Refactoring Sport Entities with Elements

Up till pretty current years, sport programmers have persistently used a deep class hierarchy to signify sport entities. The tide is starting to shift from this use of deep hierarchies to a wide range of strategies that compose a sport entity object as an aggregation of parts. This text explains what this implies, and explores a few of the advantages and sensible concerns of such an strategy. I’ll describe my private expertise in implementing this method on a big code base, together with learn how to promote the thought to different programmers and administration.


Totally different video games have totally different necessities as to what’s wanted in a sport entity, however in most video games the idea of a sport entity is sort of comparable. A sport entity is a few object that exists within the sport world, often the item is seen to the participant, and often it could possibly transfer round.

Some instance entities:

  • Missile
  • Automobile
  • Tank
  • Grenade
  • Gun
  • Hero
  • Pedestrian
  • Alien
  • Jetpack
  • Med-kit
  • Rock

Entities can often do numerous issues. Listed below are a few of the issues you may want the entities to do

  • Run a script
  • Transfer
  • React as a inflexible physique
  • Emit Particles
  • Play situated audio
  • Be packed up by the participant
  • Be worn by the participant
  • Explode
  • React to magnets
  • Be focused by the participant
  • Observe a path
  • Animate


The standard means of representing a set of sport entities like that is to carry out an object-oriented decomposition of the set of entities we wish to signify. This often begins out with good intentions, however is continuously modified as the sport improvement progresses – notably if a sport engine is re-used for a special sport. We often find yourself with one thing like determine 1, however with a far better variety of nodes within the class hierarchy.

As improvement progresses, we often want so as to add numerous factors of performance to the entities. The objects should both encapsulate the performance themselves, or be derived from an object that features that performance. Typically, the performance is added to the category hierarchy at some degree close to the basis, such because the CEntity class. This has the good thing about the performance being out there to all derived lessons, however has the draw back of the related overhead additionally being carried by these lessons.

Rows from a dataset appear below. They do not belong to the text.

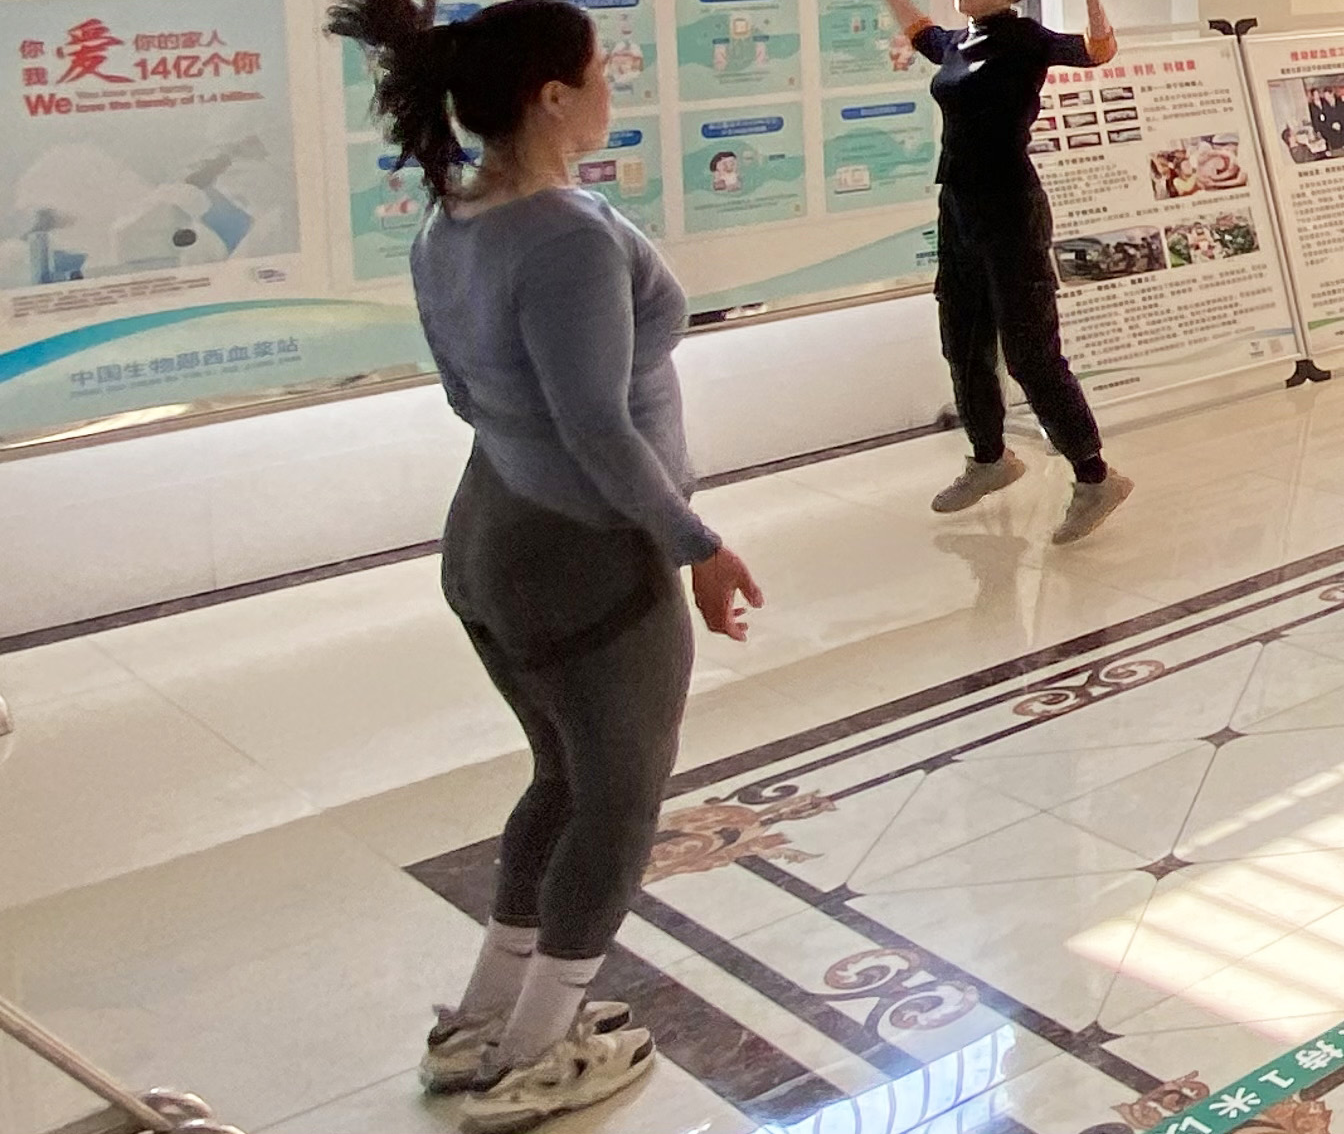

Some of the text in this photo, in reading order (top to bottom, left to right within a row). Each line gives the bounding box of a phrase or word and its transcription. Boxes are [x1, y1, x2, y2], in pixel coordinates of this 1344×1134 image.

[19, 39, 45, 59] 你
[55, 18, 136, 84] 爱
[132, 29, 227, 51] 你的家人
[22, 66, 48, 86] 我
[133, 51, 261, 80] 14亿个你
[23, 93, 73, 116] We

Even pretty easy objects resembling rocks or grenades can find yourself with a considerable amount of further performance (and related member variables, and presumably pointless execution of member capabilities). Typically, the standard sport object hierarchy finally ends up creating the kind of object referred to as “the blob”. The blob is a traditional “anti-pattern” which manifests as an enormous single class (or a particular department of a category hierarchy) with a considerable amount of complicated interwoven performance.

Whereas the blob anti-pattern usually reveals up close to the basis of the item hierarchy, it’s going to additionally present up in leaf nodes. The more than likely candidate for that is the category representing the participant character. For the reason that sport is often programmed round a single character, then the item representing that character usually has a really great amount of performance. Often that is carried out as a lot of member capabilities in a category resembling CPlayer.

The results of implementing performance close to the basis of the hierarchy is an overburdening of the leaf objects with unneeded performance. Nonetheless, the alternative technique of implementing the performance within the leaf nodes may also have unlucky consequence. Performance now turns into compartmentalized, in order that solely the objects particularly programmed for that specific performance can use it. Programmers usually duplicate code to reflect performance already carried out in a special object. Finally messy re-factoring is required by re-structuring the category hierarchy to maneuver and mix performance.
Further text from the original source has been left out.